EXERCISE INPUTS:
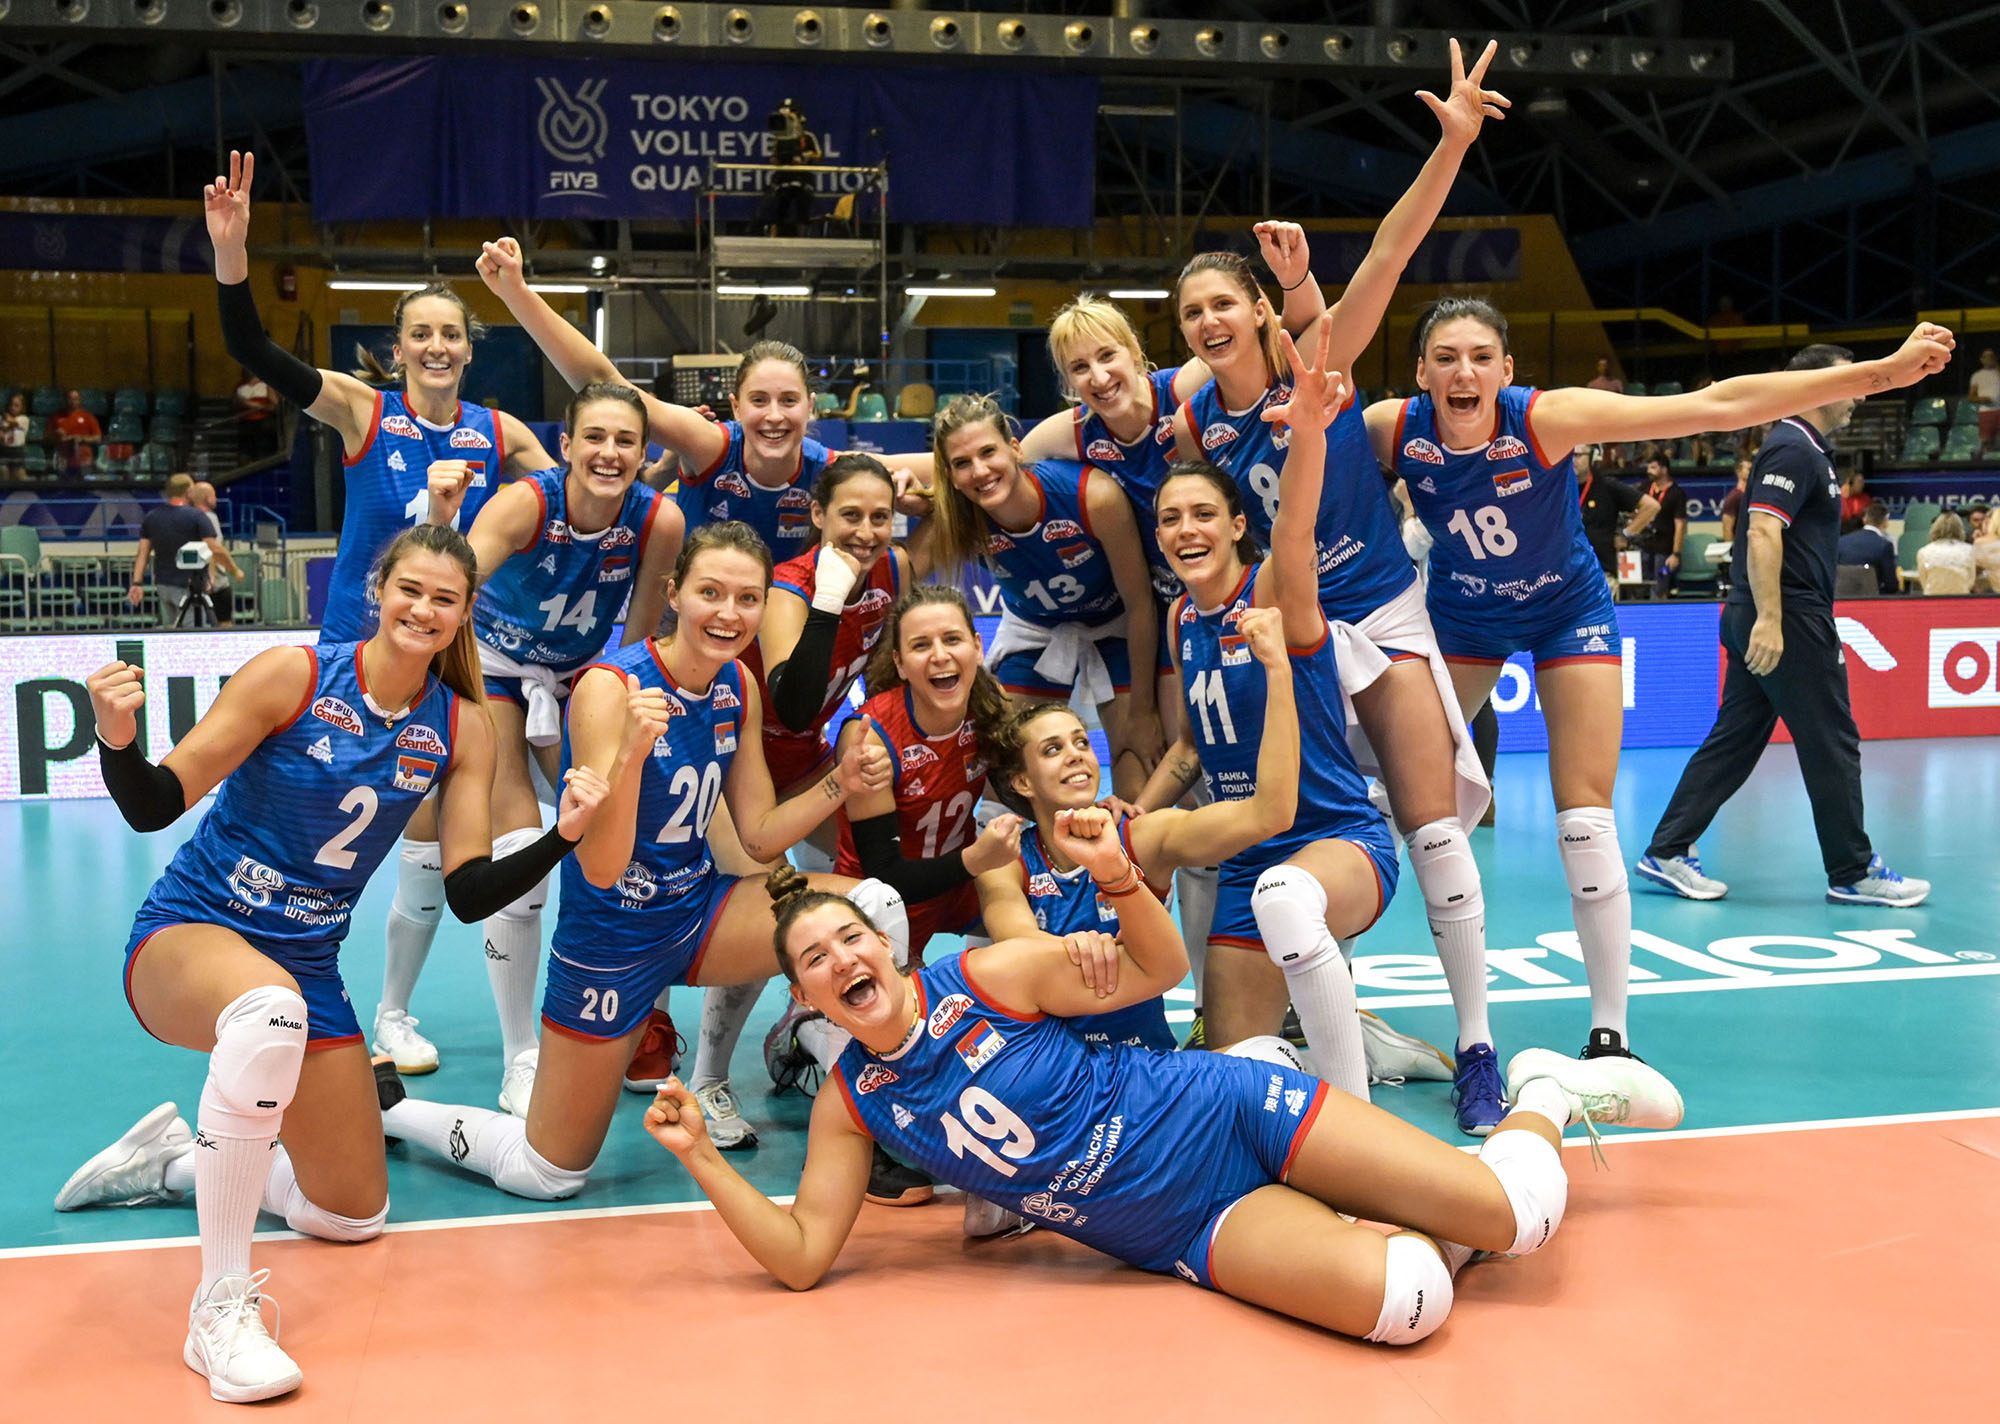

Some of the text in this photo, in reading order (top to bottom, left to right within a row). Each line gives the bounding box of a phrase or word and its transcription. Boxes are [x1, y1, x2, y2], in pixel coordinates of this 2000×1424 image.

[630, 94, 748, 122] TOKYO
[630, 130, 840, 158] VOLLEYBL
[550, 171, 598, 189] FIVB
[630, 165, 888, 193] QUALIFITION
[1406, 446, 1442, 464] Ganten
[1249, 463, 1280, 522] 8
[405, 489, 460, 532] 1
[1447, 505, 1518, 560] 18
[1024, 574, 1086, 611] 13
[539, 591, 597, 636] 14
[314, 703, 361, 735] Ganten
[1189, 669, 1238, 744] 11
[397, 734, 443, 755] Ganten
[394, 780, 427, 793] SERBIA
[656, 761, 721, 844] 20
[1221, 782, 1257, 794] ПОШТА
[313, 785, 379, 870] 2
[916, 791, 973, 858] 12
[227, 899, 254, 917] 1921
[620, 899, 643, 910] 1921
[579, 987, 619, 1022] 20
[932, 997, 973, 1037] Ganten
[971, 1039, 1006, 1071] SERBIA
[940, 1086, 1035, 1178] 19
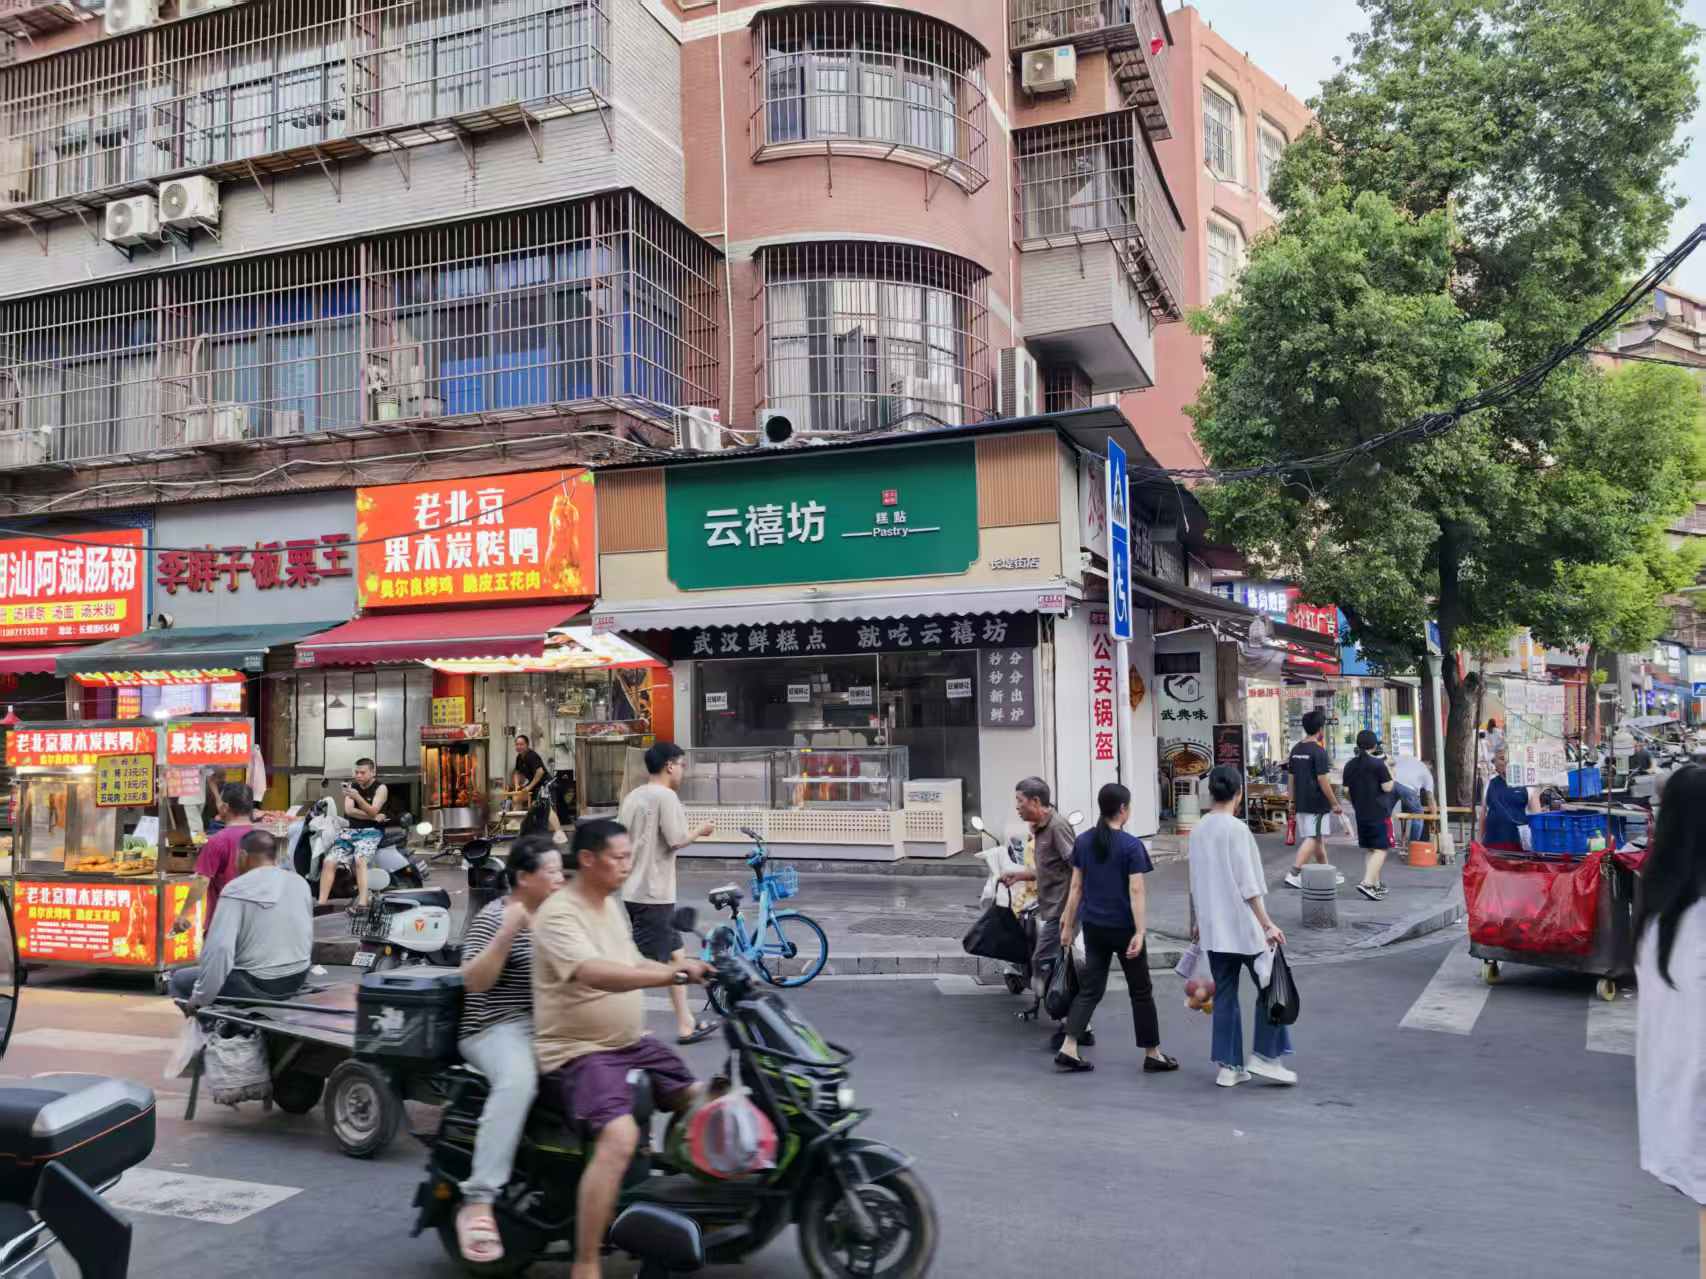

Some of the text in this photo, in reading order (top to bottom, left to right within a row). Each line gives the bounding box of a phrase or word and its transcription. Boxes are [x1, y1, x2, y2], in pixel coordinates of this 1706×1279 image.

[414, 488, 504, 530] 老北京
[703, 500, 826, 547] 云禧坊
[384, 527, 539, 573] 果木炭烤鸭
[873, 526, 909, 538] Pastry
[157, 533, 353, 595] 李胖子板栗王
[380, 570, 541, 599] 奥尔良烤鸡 脆皮五花肉
[692, 617, 1009, 656] 武汉鲜糕点 就吃云禧坊
[1008, 650, 1026, 722] 分分出炉
[1093, 633, 1114, 761] 公安锅盔
[171, 731, 248, 754] 果木炭烤鸭

DESCRIPTION OF THE TASK:
Everything in the records above should be retyped exactly except the pictures.

EXERCISE SOLUTION:
Some of the text in this photo, in reading order (top to bottom, left to right within a row). Each line gives the bounding box of a phrase or word and its transcription. Boxes are [x1, y1, x2, y2], in pixel coordinates of this 2000×1424 image.

[630, 94, 748, 122] TOKYO
[630, 130, 840, 158] VOLLEYBL
[550, 171, 598, 189] FIVB
[630, 165, 888, 193] QUALIFITION
[1406, 446, 1442, 464] Ganten
[1249, 463, 1280, 522] 8
[405, 489, 460, 532] 1
[1447, 505, 1518, 560] 18
[1024, 574, 1086, 611] 13
[539, 591, 597, 636] 14
[314, 703, 361, 735] Ganten
[1189, 669, 1238, 744] 11
[397, 734, 443, 755] Ganten
[394, 780, 427, 793] SERBIA
[656, 761, 721, 844] 20
[1221, 782, 1257, 794] ПОШТА
[313, 785, 379, 870] 2
[916, 791, 973, 858] 12
[227, 899, 254, 917] 1921
[620, 899, 643, 910] 1921
[579, 987, 619, 1022] 20
[932, 997, 973, 1037] Ganten
[971, 1039, 1006, 1071] SERBIA
[940, 1086, 1035, 1178] 19

Some of the text in this photo, in reading order (top to bottom, left to right within a row). Each line gives the bounding box of a phrase or word and its transcription. Boxes are [x1, y1, x2, y2], in pixel coordinates of this 1706×1279 image.

[414, 488, 504, 530] 老北京
[703, 500, 826, 547] 云禧坊
[384, 527, 539, 573] 果木炭烤鸭
[873, 526, 909, 538] Pastry
[157, 533, 353, 595] 李胖子板栗王
[380, 570, 541, 599] 奥尔良烤鸡 脆皮五花肉
[692, 617, 1009, 656] 武汉鲜糕点 就吃云禧坊
[1008, 650, 1026, 722] 分分出炉
[1093, 633, 1114, 761] 公安锅盔
[171, 731, 248, 754] 果木炭烤鸭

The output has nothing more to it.